-- Opening Marker --

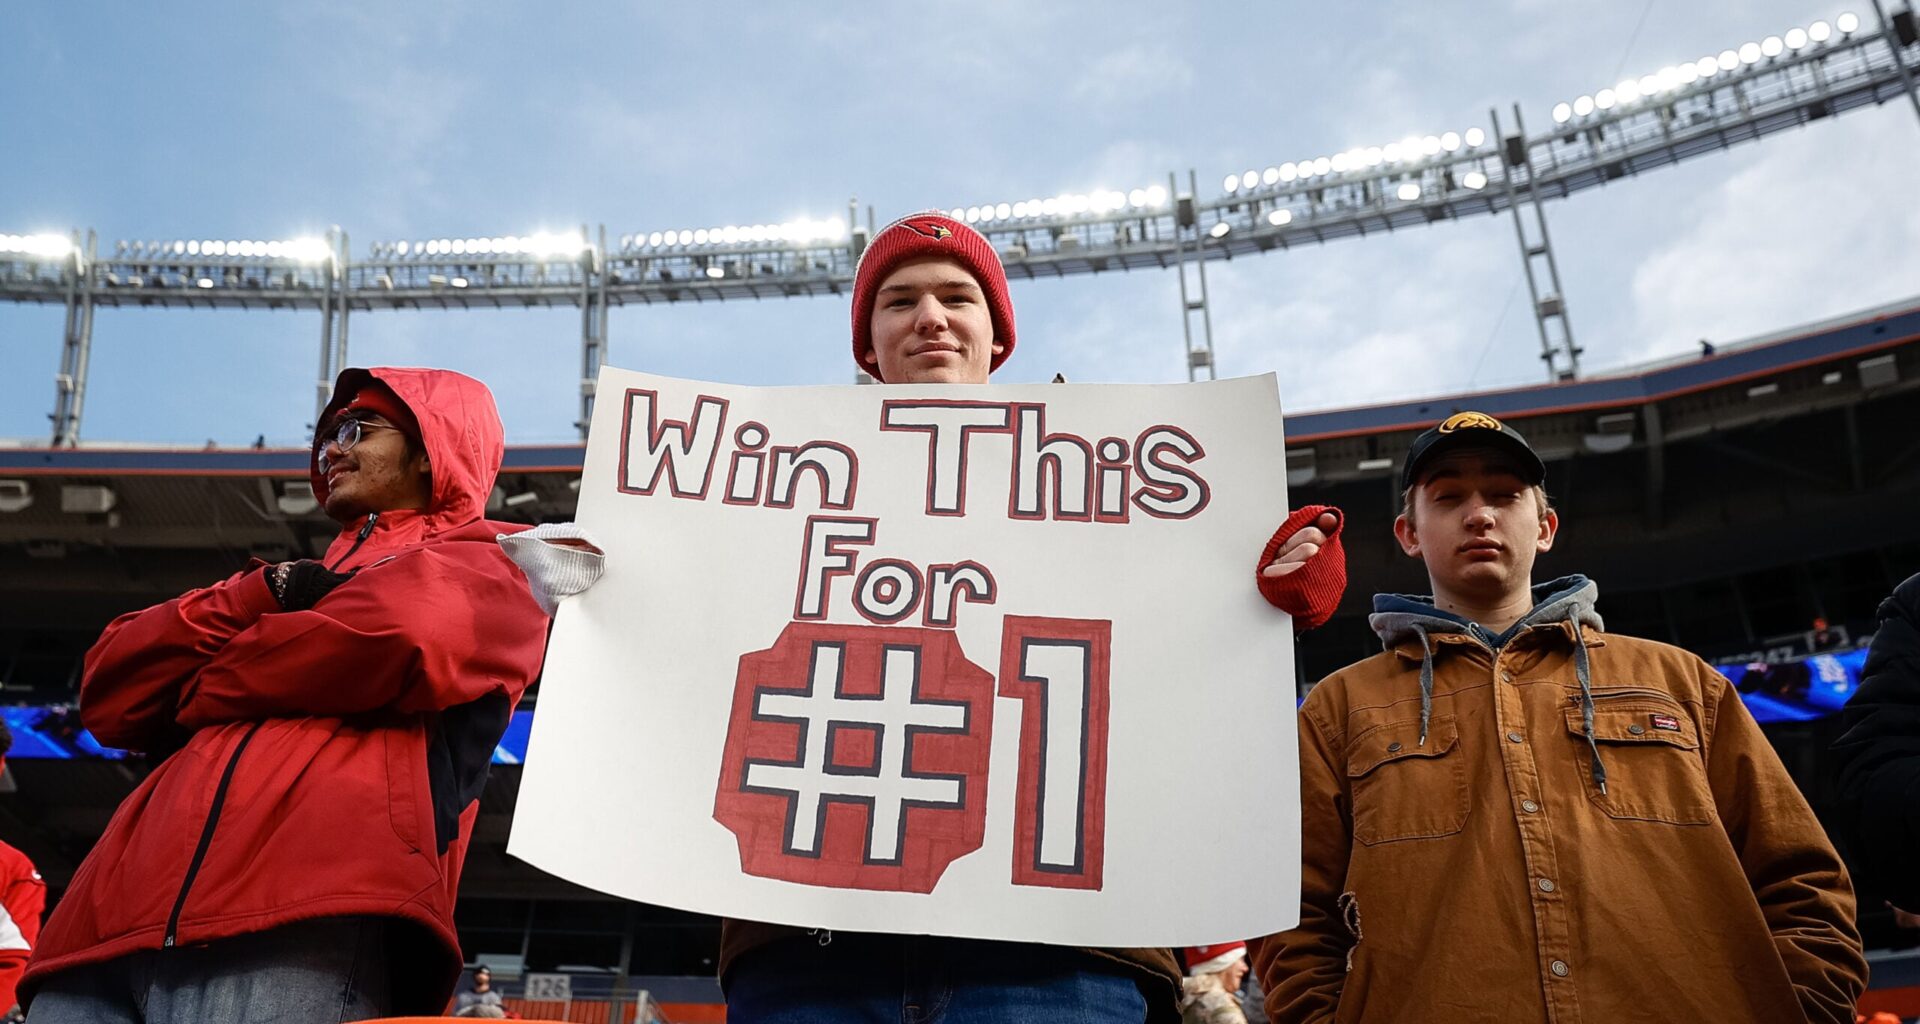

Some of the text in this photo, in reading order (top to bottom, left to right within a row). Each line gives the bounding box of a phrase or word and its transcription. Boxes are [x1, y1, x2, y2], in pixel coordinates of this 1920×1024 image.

[617, 388, 1211, 524] Win This
[793, 515, 997, 628] For
[712, 614, 1112, 894] #1
[532, 977, 567, 998] 126
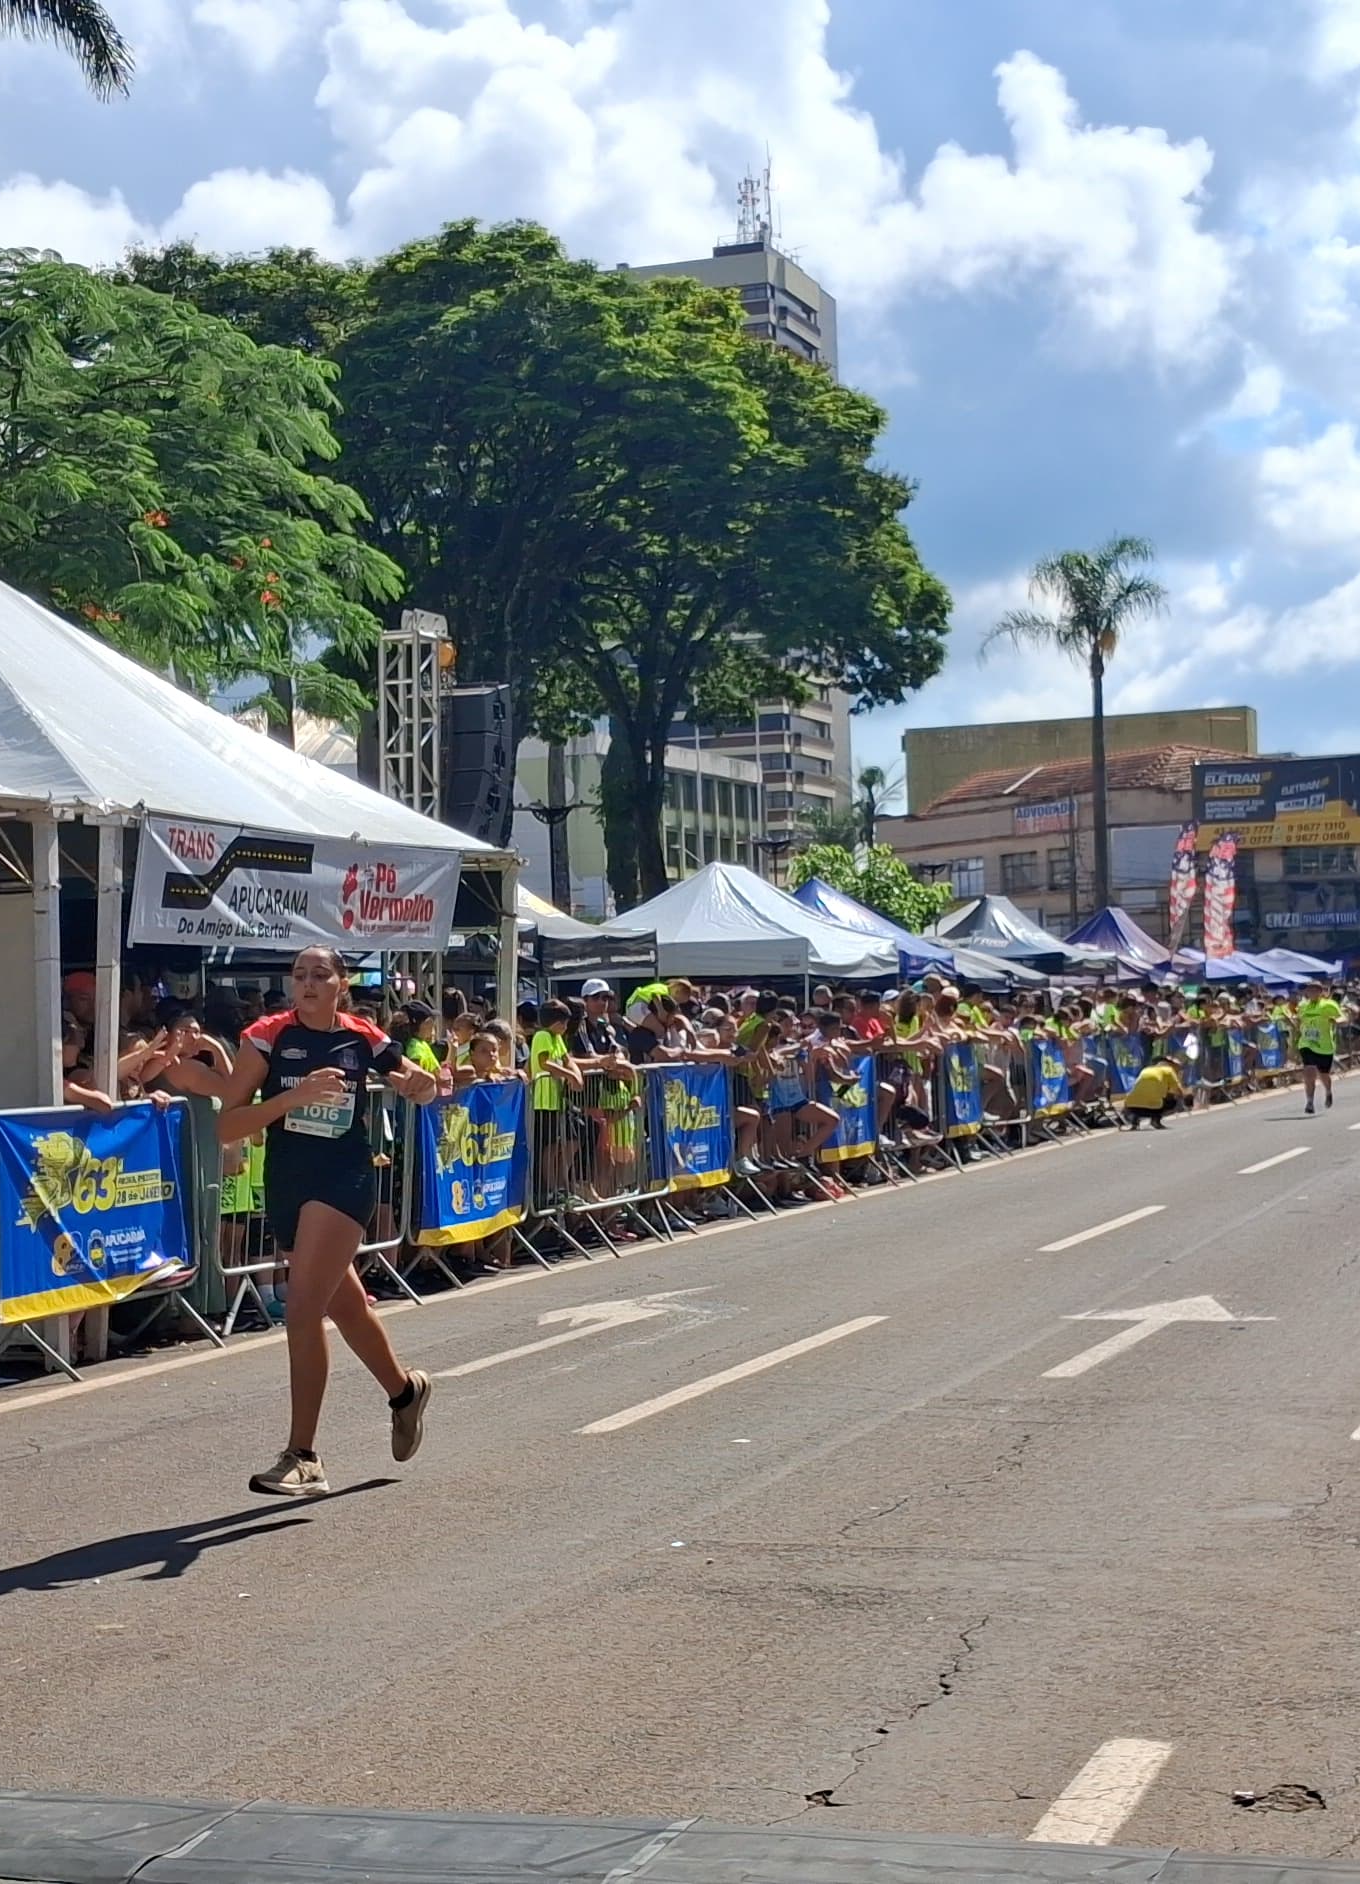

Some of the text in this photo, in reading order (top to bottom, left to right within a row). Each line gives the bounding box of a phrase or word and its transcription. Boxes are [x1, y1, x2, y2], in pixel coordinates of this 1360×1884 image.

[1205, 773, 1260, 786] ELETRAN
[168, 828, 216, 861] TRANS
[376, 862, 397, 893] Pé
[228, 884, 309, 919] APUCARANA
[360, 887, 435, 923] Vermelho
[177, 917, 194, 935] Do
[198, 918, 233, 940] Amigo
[302, 1104, 340, 1121] 1016
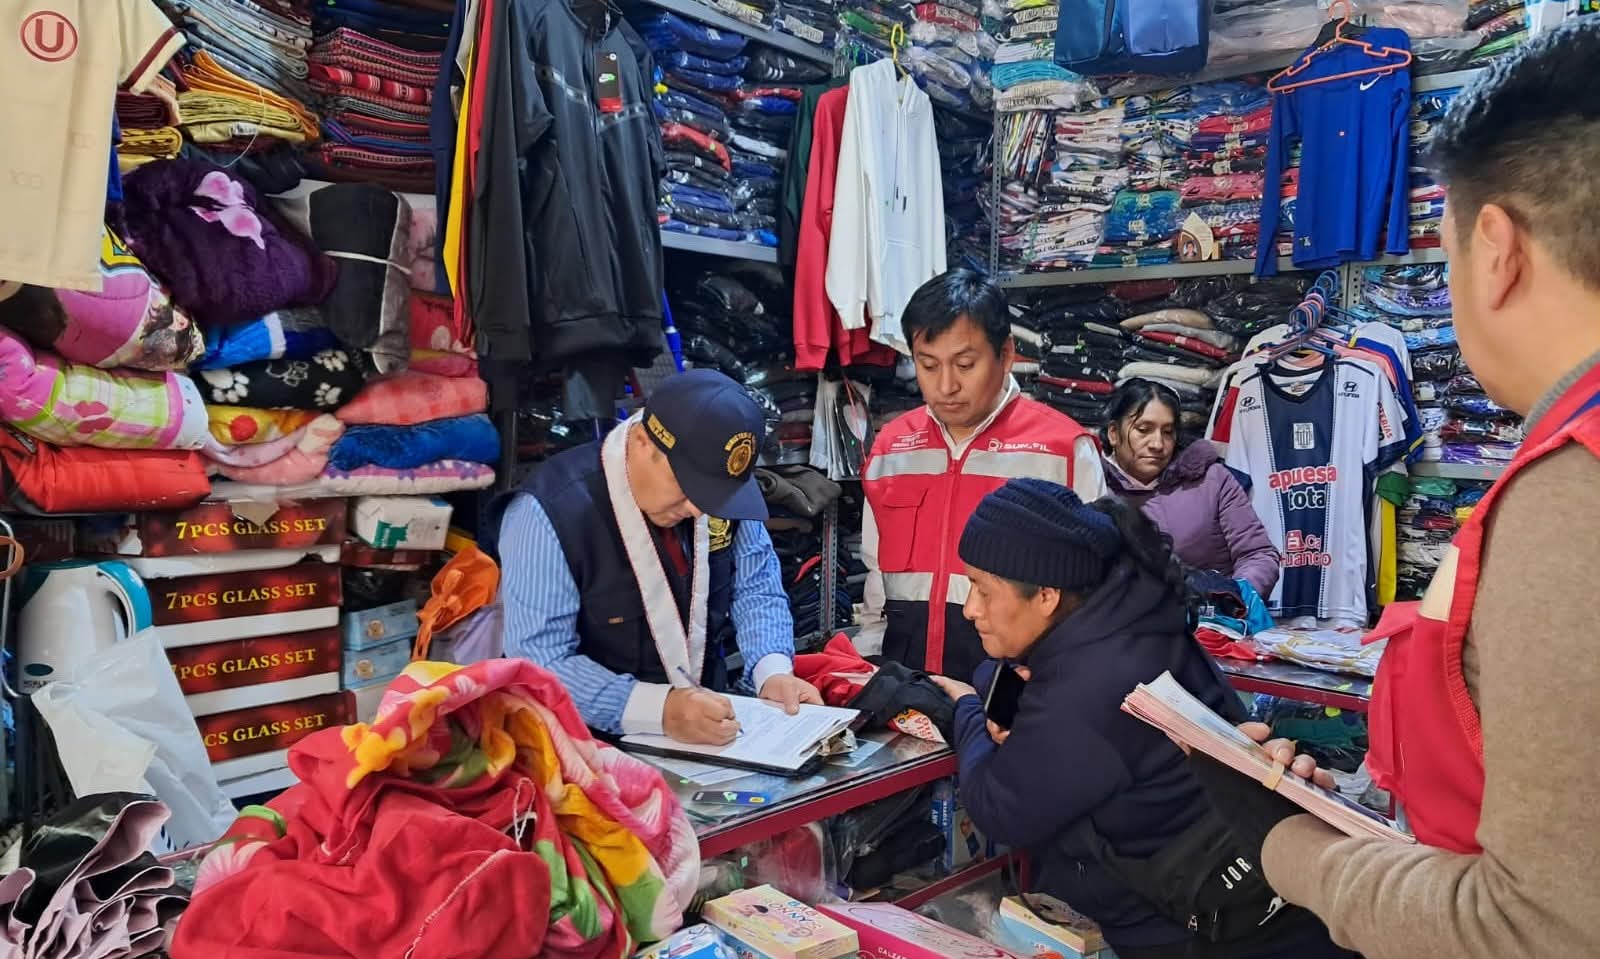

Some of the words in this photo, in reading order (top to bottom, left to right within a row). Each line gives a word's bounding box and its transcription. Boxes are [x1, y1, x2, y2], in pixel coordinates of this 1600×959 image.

[35, 19, 65, 53] U
[1269, 465, 1337, 493] apuesa
[233, 521, 289, 536] GLASS
[294, 518, 327, 533] SET
[222, 587, 281, 604] GLASS
[285, 583, 318, 597] SET
[222, 655, 280, 673] GLASS
[284, 649, 316, 664] SET
[204, 731, 229, 747] CS
[232, 720, 291, 742] GLASS
[294, 713, 325, 731] SET
[1221, 857, 1252, 889] JOR
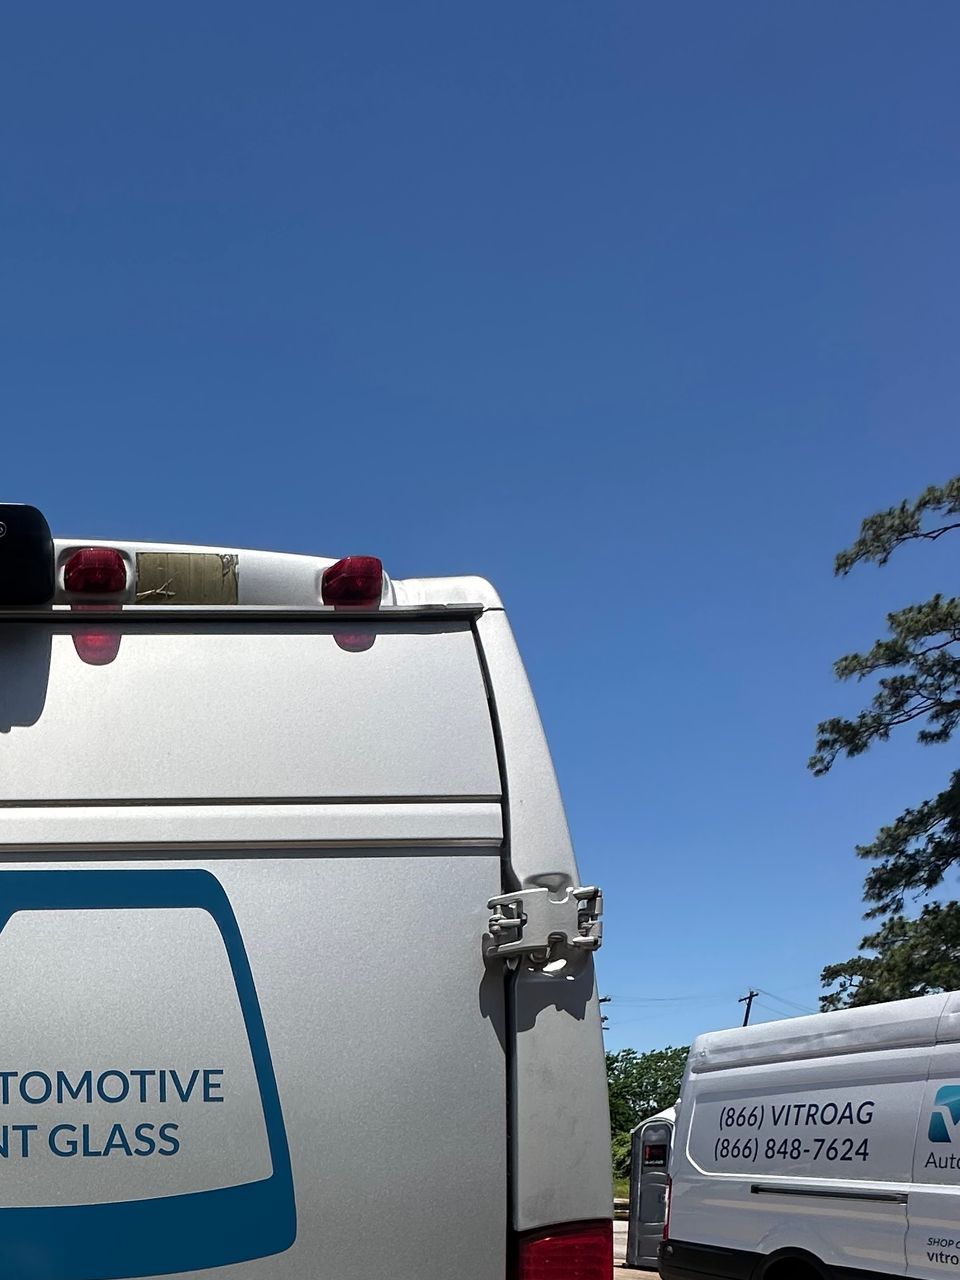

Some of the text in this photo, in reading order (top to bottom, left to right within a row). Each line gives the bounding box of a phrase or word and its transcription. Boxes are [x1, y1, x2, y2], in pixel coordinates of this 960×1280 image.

[719, 1101, 875, 1131] (866) VITROAG
[49, 1123, 180, 1158] GLASS
[714, 1137, 870, 1162] (866) 848-7624
[927, 1237, 954, 1248] SHOP
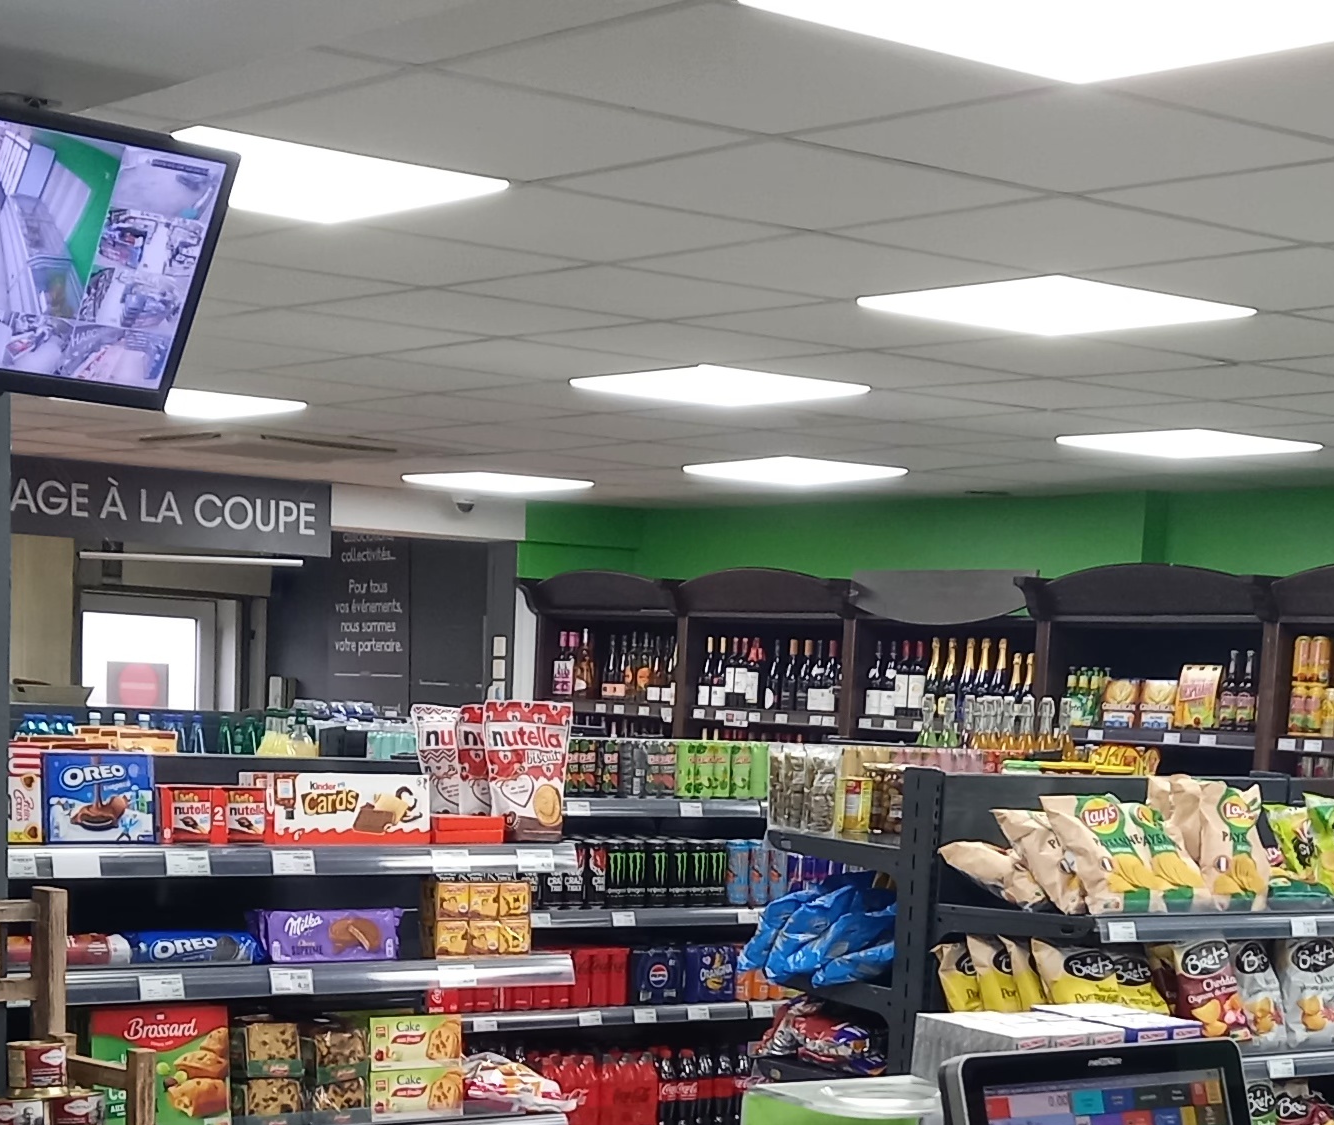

-- Closing Marker --

→ Activity
The answer should consist only of the lines from the one with "this 1360×1884 image." through the last line of the material above, copied exactly, with no pictures.

→ Reply
Some of the text in this photo, in reading order (top to bottom, left to right within a row). Each line gives the bounding box of a phrase or word and its transcription. Boxes are [x1, y1, x2, y2], in pixel coordinates of this 1360×1884 image.

[1205, 773, 1260, 786] ELETRAN
[168, 828, 216, 861] TRANS
[376, 862, 397, 893] Pé
[228, 884, 309, 919] APUCARANA
[360, 887, 435, 923] Vermelho
[177, 917, 194, 935] Do
[198, 918, 233, 940] Amigo
[302, 1104, 340, 1121] 1016

Some of the words in this photo, in reading order (top to bottom, left to right within a row). Each line gives a word's bounding box and its transcription. Boxes are [x1, y1, x2, y2], in pixel coordinates of this 1600×959 image.

[35, 19, 65, 53] U
[1269, 465, 1337, 493] apuesa
[233, 521, 289, 536] GLASS
[294, 518, 327, 533] SET
[222, 587, 281, 604] GLASS
[285, 583, 318, 597] SET
[222, 655, 280, 673] GLASS
[284, 649, 316, 664] SET
[204, 731, 229, 747] CS
[232, 720, 291, 742] GLASS
[294, 713, 325, 731] SET
[1221, 857, 1252, 889] JOR

Some of the text in this photo, in reading order (top to bottom, left to right within a row). Each line gives the bounding box of a phrase or word and its transcription. Boxes are [x1, y1, x2, y2], in pixel coordinates of this 960×1280 image.

[719, 1101, 875, 1131] (866) VITROAG
[49, 1123, 180, 1158] GLASS
[714, 1137, 870, 1162] (866) 848-7624
[927, 1237, 954, 1248] SHOP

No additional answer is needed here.